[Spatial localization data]
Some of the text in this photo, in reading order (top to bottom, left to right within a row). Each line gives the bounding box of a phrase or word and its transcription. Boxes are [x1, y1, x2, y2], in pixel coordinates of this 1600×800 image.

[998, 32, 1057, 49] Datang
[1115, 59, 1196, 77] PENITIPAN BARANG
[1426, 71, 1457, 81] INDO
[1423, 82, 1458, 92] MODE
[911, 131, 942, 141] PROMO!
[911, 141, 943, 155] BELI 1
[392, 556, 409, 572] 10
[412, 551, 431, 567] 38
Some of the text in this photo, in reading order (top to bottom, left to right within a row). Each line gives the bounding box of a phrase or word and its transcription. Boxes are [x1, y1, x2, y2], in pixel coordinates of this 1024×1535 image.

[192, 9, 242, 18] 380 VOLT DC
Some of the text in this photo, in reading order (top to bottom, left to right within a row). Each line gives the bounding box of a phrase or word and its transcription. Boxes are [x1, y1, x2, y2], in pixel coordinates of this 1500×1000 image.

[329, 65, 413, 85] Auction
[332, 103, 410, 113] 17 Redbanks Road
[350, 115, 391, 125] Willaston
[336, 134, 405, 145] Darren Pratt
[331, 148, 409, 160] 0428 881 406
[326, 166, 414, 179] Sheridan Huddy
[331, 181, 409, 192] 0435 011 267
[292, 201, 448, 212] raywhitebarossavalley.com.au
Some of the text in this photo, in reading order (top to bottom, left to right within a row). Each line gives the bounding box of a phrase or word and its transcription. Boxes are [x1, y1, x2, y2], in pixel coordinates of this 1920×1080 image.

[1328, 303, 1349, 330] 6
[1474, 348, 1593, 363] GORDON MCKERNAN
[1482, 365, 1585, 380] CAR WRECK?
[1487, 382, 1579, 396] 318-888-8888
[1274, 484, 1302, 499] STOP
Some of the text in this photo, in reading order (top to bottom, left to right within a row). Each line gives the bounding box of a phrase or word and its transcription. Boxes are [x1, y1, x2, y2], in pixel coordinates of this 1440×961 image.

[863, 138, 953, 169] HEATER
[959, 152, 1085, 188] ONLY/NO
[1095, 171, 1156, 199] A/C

#### Goal of the exercise:
From the line that contains "this 1920×1080 image." down to the last line above, print each line exactly as it appears.

#### Result below:
Some of the text in this photo, in reading order (top to bottom, left to right within a row). Each line gives the bounding box of a phrase or word and its transcription. Boxes are [x1, y1, x2, y2], in pixel coordinates of this 1920×1080 image.

[1328, 303, 1349, 330] 6
[1474, 348, 1593, 363] GORDON MCKERNAN
[1482, 365, 1585, 380] CAR WRECK?
[1487, 382, 1579, 396] 318-888-8888
[1274, 484, 1302, 499] STOP
Some of the text in this photo, in reading order (top to bottom, left to right within a row). Each line gives the bounding box of a phrase or word and its transcription. Boxes are [x1, y1, x2, y2], in pixel coordinates of this 1440×961 image.

[863, 138, 953, 169] HEATER
[959, 152, 1085, 188] ONLY/NO
[1095, 171, 1156, 199] A/C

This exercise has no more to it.